• [TASK ITEM]:
Repeat every entry word for word, but leave the images out of your copy.

____ INFORMATION GIVEN

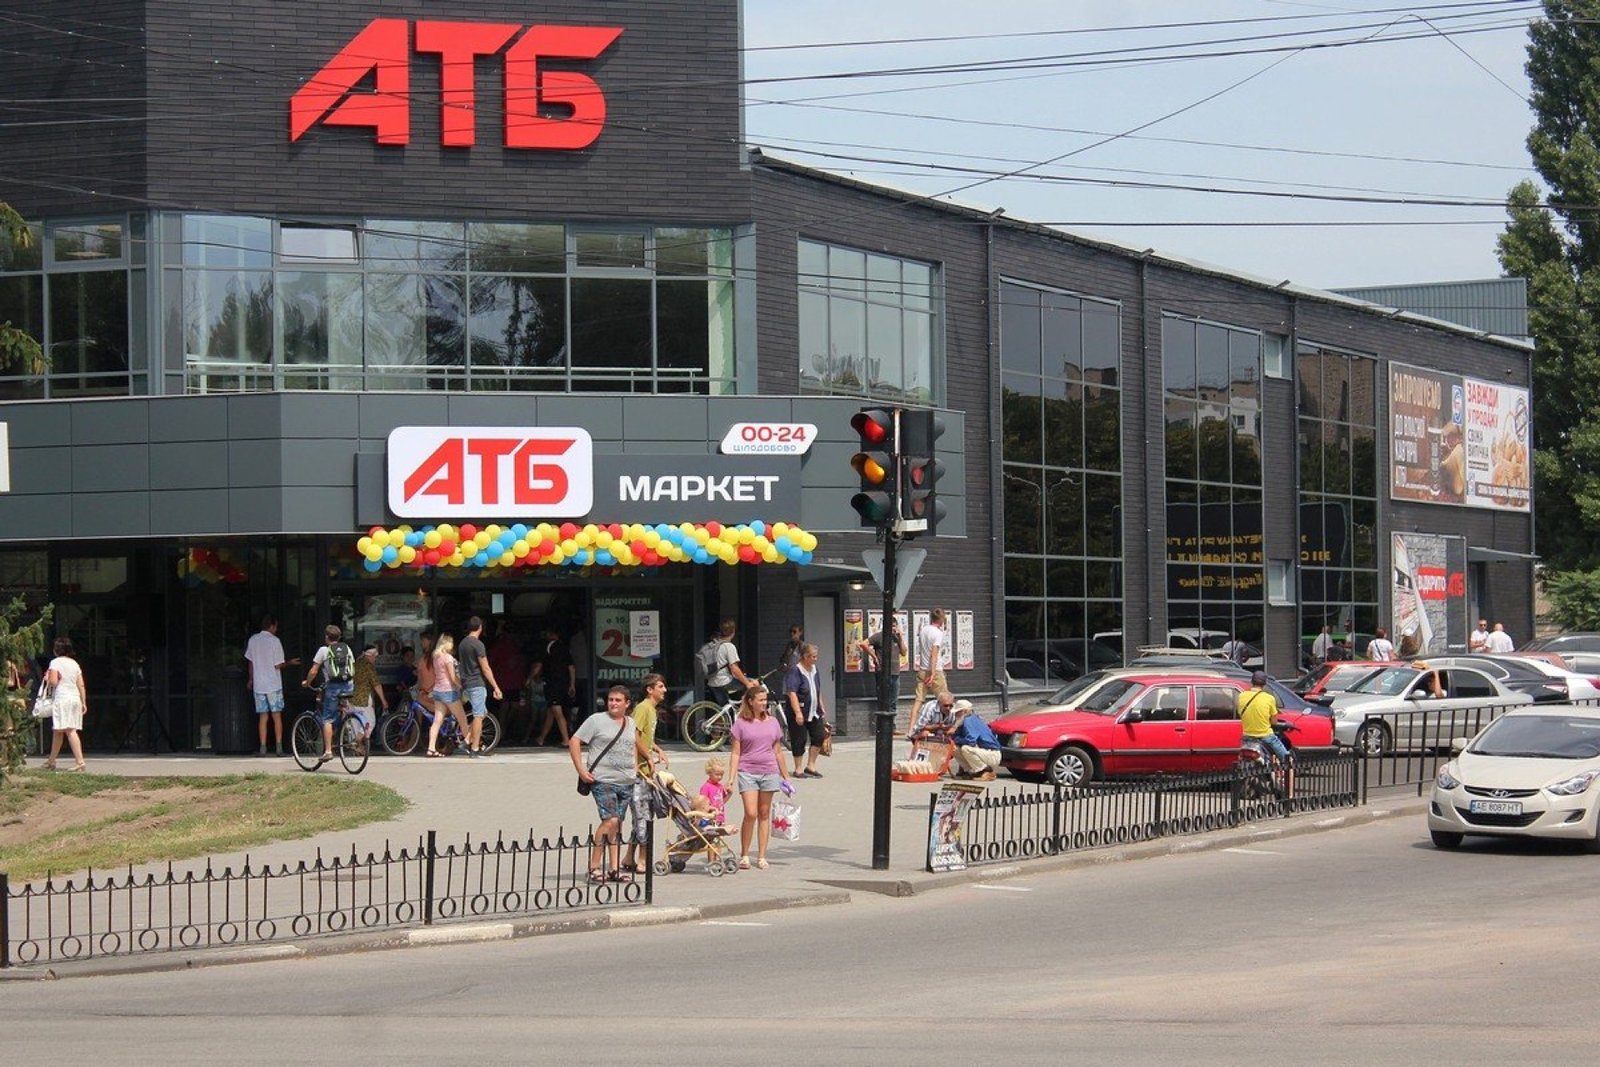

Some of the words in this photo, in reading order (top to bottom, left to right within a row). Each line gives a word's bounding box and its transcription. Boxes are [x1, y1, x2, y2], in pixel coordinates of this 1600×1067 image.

[289, 18, 625, 149] АТБ
[1467, 382, 1499, 409] ЗАВЖДИ
[741, 426, 806, 442] 00-24
[733, 444, 797, 452] ЦІЛОДОБОВО
[404, 438, 576, 504] АТБ
[619, 475, 779, 501] МАРКЕТ
[597, 668, 650, 680] ЛИПНЯ
[1507, 804, 1519, 812] HT
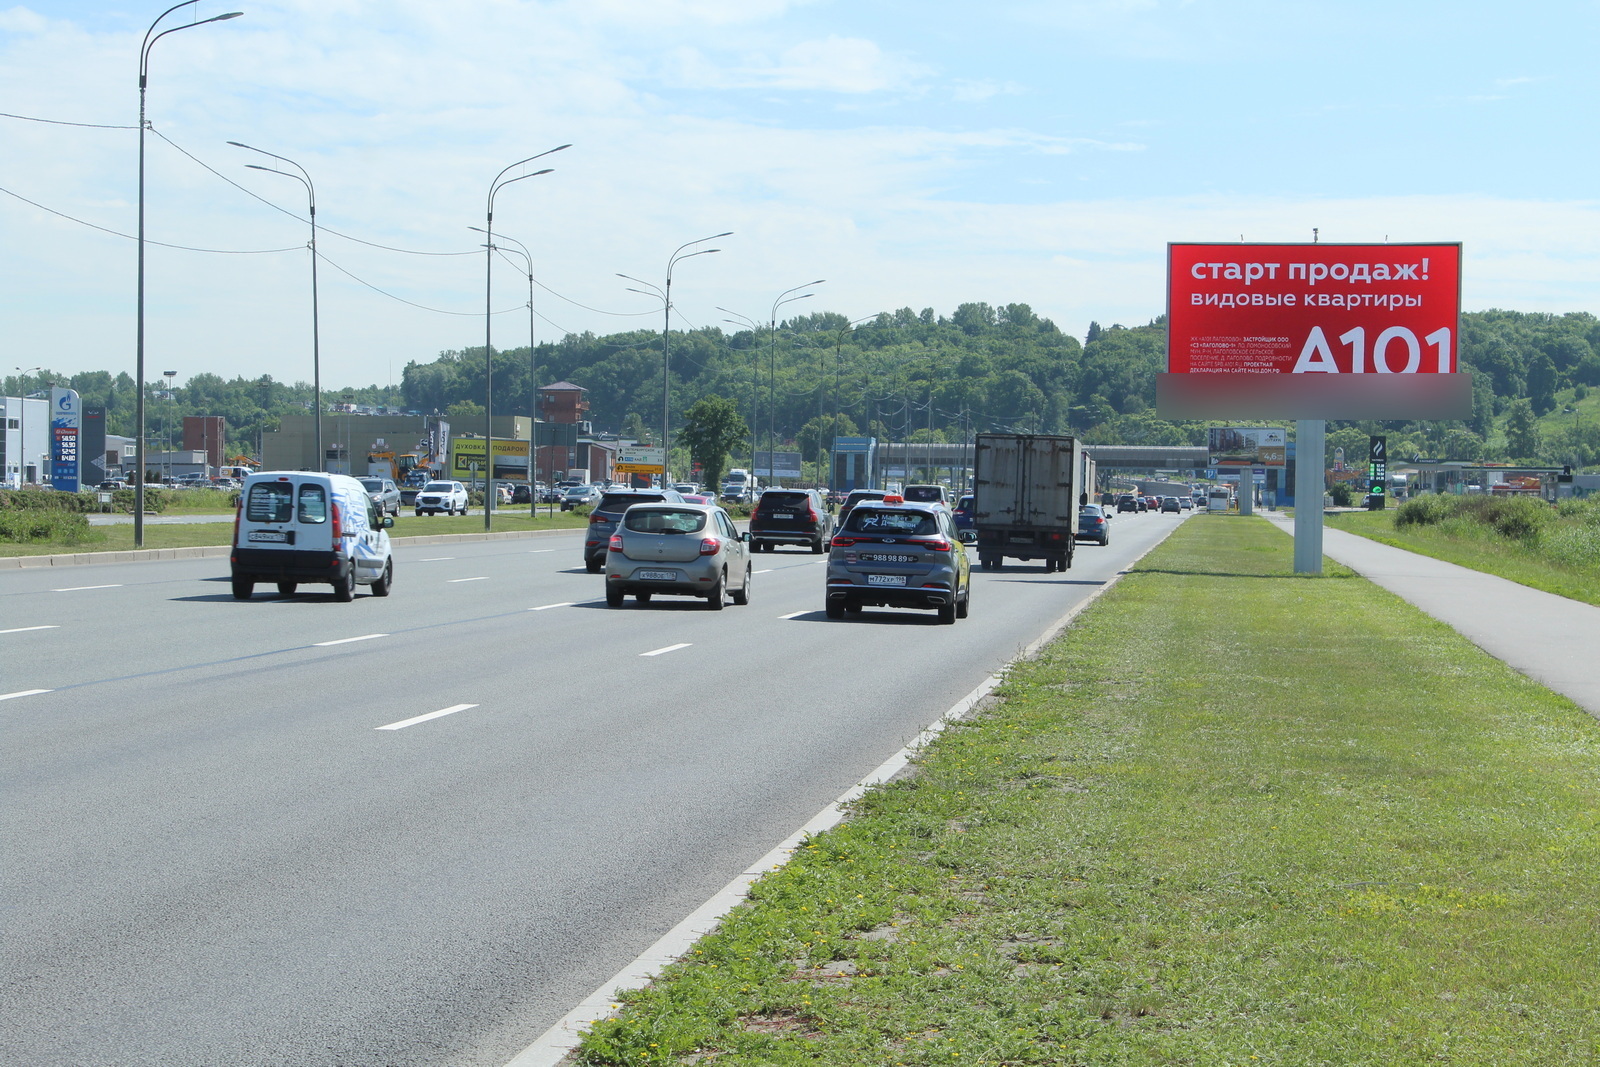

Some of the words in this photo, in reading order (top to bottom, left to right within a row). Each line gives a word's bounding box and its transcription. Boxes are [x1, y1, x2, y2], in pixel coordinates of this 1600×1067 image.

________

• [TASK SOLUTION]:
Some of the words in this photo, in reading order (top to bottom, left to right within a row). Each line gives a word's bounding box and its transcription. Boxes are [x1, y1, x2, y2], in pixel coordinates of this 1600×1067 image.

[289, 18, 625, 149] АТБ
[1467, 382, 1499, 409] ЗАВЖДИ
[741, 426, 806, 442] 00-24
[733, 444, 797, 452] ЦІЛОДОБОВО
[404, 438, 576, 504] АТБ
[619, 475, 779, 501] МАРКЕТ
[597, 668, 650, 680] ЛИПНЯ
[1507, 804, 1519, 812] HT

Some of the words in this photo, in reading order (top to bottom, left to right within a row). Each line gives a word's bounding box and its transcription. Boxes are [x1, y1, x2, y2], in pixel coordinates of this 1600×1067 image.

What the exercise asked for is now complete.